Love me, love my buffalo!
by Rajbir Deswal
मेरी भैंस को डंडा क्यूँ मारा ?
Nowhere on the earth do people love – rather worship — their buffaloes like in Haryana. After the formal greeting of ‘Jai Ram ji ki’, the first topic to be mentioned is invariably either the rains or the milk supply by the buffaloes.
The buffalo is the ‘neighbour’s envy and owner’s pride’. A Haryanvi will be consumed by mosquitoes, get infected, have malarial shivers, but will protect his buffaloes with huge nets, tucked all around with no letting in of machhars.
The owner pampers his buffalo to the extent of not only listening to its heart-beats, but also receiving its emotional vibes. Watching her being bathed with tender affection can make the best loved person jealous of the Black Beauty. No exaggeration then that a hardcore Haryanavi would want to become a buffalo in his next life.
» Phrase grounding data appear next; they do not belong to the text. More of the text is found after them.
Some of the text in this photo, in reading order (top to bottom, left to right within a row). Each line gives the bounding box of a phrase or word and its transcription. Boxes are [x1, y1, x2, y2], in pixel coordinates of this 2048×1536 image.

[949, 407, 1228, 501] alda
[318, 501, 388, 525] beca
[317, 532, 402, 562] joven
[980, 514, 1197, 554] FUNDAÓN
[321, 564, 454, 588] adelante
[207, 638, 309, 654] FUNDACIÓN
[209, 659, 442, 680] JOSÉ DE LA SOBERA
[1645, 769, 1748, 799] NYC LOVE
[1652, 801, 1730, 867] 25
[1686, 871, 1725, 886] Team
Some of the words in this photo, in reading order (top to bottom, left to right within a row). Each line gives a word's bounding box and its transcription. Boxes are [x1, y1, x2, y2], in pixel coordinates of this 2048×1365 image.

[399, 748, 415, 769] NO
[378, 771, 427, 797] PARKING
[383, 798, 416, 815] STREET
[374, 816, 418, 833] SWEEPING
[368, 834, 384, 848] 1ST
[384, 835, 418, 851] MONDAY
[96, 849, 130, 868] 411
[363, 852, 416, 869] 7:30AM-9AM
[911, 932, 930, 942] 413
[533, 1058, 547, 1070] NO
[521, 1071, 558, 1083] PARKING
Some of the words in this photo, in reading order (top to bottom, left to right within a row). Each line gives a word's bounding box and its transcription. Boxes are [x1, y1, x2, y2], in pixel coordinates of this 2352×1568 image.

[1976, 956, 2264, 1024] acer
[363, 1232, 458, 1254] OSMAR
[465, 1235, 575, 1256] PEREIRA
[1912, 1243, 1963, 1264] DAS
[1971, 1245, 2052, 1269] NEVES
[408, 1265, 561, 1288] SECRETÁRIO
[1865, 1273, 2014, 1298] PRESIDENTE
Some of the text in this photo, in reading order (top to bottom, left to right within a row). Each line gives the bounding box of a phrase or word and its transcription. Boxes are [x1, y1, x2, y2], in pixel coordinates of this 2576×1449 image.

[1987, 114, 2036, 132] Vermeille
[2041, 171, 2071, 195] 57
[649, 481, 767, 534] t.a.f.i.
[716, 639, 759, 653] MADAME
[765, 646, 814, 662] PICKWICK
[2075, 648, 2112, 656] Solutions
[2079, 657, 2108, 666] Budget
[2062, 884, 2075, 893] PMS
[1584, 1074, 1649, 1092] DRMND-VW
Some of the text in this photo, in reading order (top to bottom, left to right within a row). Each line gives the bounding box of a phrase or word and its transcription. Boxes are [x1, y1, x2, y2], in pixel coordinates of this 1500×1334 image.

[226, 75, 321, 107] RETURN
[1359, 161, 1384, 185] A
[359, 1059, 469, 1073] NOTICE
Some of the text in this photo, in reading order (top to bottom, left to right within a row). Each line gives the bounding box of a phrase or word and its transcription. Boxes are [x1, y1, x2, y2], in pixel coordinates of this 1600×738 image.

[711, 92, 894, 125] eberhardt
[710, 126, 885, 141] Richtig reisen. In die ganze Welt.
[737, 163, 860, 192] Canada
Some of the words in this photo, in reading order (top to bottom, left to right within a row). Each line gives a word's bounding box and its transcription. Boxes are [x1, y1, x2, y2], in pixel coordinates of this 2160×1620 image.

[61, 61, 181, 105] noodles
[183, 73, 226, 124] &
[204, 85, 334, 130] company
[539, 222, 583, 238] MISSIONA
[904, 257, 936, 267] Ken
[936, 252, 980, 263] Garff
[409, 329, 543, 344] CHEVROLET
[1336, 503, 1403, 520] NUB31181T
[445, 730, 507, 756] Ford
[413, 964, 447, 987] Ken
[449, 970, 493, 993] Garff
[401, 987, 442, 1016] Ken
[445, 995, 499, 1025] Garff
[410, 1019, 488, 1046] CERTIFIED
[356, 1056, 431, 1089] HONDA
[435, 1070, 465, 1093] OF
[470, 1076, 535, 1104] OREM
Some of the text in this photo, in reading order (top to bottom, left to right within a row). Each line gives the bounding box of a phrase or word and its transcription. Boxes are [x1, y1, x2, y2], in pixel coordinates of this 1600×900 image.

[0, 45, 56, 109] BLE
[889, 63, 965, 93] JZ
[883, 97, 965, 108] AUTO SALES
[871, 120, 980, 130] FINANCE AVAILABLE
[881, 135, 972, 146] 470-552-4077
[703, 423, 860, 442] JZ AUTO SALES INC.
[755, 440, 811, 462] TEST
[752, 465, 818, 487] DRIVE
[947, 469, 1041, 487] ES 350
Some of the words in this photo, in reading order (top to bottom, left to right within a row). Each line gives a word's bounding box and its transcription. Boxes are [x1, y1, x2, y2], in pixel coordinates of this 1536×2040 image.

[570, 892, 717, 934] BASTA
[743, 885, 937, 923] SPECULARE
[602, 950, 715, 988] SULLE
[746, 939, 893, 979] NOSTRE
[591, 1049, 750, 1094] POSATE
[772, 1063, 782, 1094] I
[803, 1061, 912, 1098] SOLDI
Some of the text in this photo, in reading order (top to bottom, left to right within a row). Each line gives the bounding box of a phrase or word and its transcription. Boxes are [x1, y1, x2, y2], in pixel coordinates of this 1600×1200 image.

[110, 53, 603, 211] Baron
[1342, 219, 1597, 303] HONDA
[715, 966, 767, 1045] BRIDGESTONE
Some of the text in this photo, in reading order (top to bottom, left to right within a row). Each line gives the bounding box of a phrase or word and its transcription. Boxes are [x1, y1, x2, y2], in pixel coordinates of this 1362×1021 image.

Haryanvis may make their children eat less in the lean period of their earnings, but will empty all their treasures of the best fodder and gram floor, oilseed waste and cottonseed sprouts for the buffalo, for it helps to have her udders ‘filled to the brims’ with quality milk.
Remember Udham Singh (Munish Makhija) – The bald, lanky Haryanavi sitting on a cot with a lathi in hand and a mooing buffalo in the frame of an ad? This depiction has more sense than symbolism.
Even the jokes and pithy Haryanvi idioms and sayings have enough buffalo blood flowing in them. For example, a buffalo entering the water (Bhains pani main jana ) or going up on the canal bank (Bhains patdee pe chadh jana) entail being fined for the unscrupulous but pardonable act on the part of the buffalo.
The Haryanvis sometime back stopped feeding su-babool fodder to buffaloes for they believed it had caused hairfall on the tail of their beautiful pet.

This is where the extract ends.